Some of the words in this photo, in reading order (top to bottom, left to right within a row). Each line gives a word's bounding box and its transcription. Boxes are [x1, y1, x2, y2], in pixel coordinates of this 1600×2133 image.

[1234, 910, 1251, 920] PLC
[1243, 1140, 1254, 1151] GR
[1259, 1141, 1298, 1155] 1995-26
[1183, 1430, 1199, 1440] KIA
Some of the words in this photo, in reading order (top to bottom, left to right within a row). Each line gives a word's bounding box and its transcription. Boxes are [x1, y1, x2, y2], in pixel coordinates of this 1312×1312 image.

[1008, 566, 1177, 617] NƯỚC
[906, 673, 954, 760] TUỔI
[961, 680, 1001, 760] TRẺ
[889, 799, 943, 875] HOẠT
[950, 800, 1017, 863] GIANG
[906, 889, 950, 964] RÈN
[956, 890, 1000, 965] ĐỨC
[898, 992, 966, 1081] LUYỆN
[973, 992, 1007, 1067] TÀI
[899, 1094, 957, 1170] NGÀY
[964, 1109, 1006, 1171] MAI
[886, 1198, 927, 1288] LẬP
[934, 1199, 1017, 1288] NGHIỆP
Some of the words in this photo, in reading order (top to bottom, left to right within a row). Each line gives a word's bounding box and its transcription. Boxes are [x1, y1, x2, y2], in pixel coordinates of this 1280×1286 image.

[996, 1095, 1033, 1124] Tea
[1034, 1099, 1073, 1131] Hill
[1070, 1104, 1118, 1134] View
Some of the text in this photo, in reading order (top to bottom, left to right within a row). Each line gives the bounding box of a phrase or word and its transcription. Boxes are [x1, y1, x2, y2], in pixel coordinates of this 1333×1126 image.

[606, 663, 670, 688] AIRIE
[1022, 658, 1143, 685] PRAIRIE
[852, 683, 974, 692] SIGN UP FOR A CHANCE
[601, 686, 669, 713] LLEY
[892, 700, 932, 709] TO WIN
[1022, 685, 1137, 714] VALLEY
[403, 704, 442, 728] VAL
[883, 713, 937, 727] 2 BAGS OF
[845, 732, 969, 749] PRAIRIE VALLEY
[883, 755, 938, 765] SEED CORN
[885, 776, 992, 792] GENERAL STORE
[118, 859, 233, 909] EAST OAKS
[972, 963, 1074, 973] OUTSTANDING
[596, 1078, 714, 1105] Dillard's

☆ ☆ ☆

* **Brief**
What is needed is a word-for-word copy of the records.

* **Solution for this task**
Some of the words in this photo, in reading order (top to bottom, left to right within a row). Each line gives a word's bounding box and its transcription. Boxes are [x1, y1, x2, y2], in pixel coordinates of this 1600×2133 image.

[1234, 910, 1251, 920] PLC
[1243, 1140, 1254, 1151] GR
[1259, 1141, 1298, 1155] 1995-26
[1183, 1430, 1199, 1440] KIA
Some of the words in this photo, in reading order (top to bottom, left to right within a row). Each line gives a word's bounding box and its transcription. Boxes are [x1, y1, x2, y2], in pixel coordinates of this 1312×1312 image.

[1008, 566, 1177, 617] NƯỚC
[906, 673, 954, 760] TUỔI
[961, 680, 1001, 760] TRẺ
[889, 799, 943, 875] HOẠT
[950, 800, 1017, 863] GIANG
[906, 889, 950, 964] RÈN
[956, 890, 1000, 965] ĐỨC
[898, 992, 966, 1081] LUYỆN
[973, 992, 1007, 1067] TÀI
[899, 1094, 957, 1170] NGÀY
[964, 1109, 1006, 1171] MAI
[886, 1198, 927, 1288] LẬP
[934, 1199, 1017, 1288] NGHIỆP
Some of the words in this photo, in reading order (top to bottom, left to right within a row). Each line gives a word's bounding box and its transcription. Boxes are [x1, y1, x2, y2], in pixel coordinates of this 1280×1286 image.

[996, 1095, 1033, 1124] Tea
[1034, 1099, 1073, 1131] Hill
[1070, 1104, 1118, 1134] View
Some of the text in this photo, in reading order (top to bottom, left to right within a row). Each line gives the bounding box of a phrase or word and its transcription. Boxes are [x1, y1, x2, y2], in pixel coordinates of this 1333×1126 image.

[606, 663, 670, 688] AIRIE
[1022, 658, 1143, 685] PRAIRIE
[852, 683, 974, 692] SIGN UP FOR A CHANCE
[601, 686, 669, 713] LLEY
[892, 700, 932, 709] TO WIN
[1022, 685, 1137, 714] VALLEY
[403, 704, 442, 728] VAL
[883, 713, 937, 727] 2 BAGS OF
[845, 732, 969, 749] PRAIRIE VALLEY
[883, 755, 938, 765] SEED CORN
[885, 776, 992, 792] GENERAL STORE
[118, 859, 233, 909] EAST OAKS
[972, 963, 1074, 973] OUTSTANDING
[596, 1078, 714, 1105] Dillard's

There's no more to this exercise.